-- RECORDS FOR THIS EXERCISE follows --

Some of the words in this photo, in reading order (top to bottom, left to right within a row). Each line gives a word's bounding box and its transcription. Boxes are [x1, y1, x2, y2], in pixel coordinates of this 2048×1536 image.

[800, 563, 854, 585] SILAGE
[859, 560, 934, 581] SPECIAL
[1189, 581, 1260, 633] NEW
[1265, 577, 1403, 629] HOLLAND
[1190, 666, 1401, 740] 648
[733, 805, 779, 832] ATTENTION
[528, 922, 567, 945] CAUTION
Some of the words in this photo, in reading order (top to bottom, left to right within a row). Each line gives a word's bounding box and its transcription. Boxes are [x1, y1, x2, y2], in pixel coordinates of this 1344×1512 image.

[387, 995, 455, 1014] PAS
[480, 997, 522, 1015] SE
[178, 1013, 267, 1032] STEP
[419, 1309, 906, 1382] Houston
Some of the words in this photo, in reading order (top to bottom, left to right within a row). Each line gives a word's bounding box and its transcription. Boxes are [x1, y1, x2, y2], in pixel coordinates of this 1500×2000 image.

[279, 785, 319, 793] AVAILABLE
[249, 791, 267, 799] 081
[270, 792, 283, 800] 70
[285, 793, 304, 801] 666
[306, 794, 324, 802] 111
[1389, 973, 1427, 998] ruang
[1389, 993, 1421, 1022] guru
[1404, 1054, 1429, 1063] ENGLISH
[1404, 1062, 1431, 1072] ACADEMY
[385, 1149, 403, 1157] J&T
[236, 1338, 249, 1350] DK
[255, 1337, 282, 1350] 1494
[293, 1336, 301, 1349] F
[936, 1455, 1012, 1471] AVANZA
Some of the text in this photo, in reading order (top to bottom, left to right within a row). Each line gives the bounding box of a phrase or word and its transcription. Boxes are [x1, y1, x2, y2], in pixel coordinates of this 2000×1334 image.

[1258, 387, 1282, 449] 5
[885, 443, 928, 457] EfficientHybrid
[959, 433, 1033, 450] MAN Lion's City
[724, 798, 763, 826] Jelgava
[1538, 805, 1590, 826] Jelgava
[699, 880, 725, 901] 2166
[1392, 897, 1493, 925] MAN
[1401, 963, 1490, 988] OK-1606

-- RECORDS FOR THIS EXERCISE concluded --

**WHAT THIS TASK INVOLVES**.
Set down exactly, and only, the lines from the one containing "Some of the text" through the final line of the entries above.

**EXERCISE RESPONSE**.
Some of the text in this photo, in reading order (top to bottom, left to right within a row). Each line gives the bounding box of a phrase or word and its transcription. Boxes are [x1, y1, x2, y2], in pixel coordinates of this 2000×1334 image.

[1258, 387, 1282, 449] 5
[885, 443, 928, 457] EfficientHybrid
[959, 433, 1033, 450] MAN Lion's City
[724, 798, 763, 826] Jelgava
[1538, 805, 1590, 826] Jelgava
[699, 880, 725, 901] 2166
[1392, 897, 1493, 925] MAN
[1401, 963, 1490, 988] OK-1606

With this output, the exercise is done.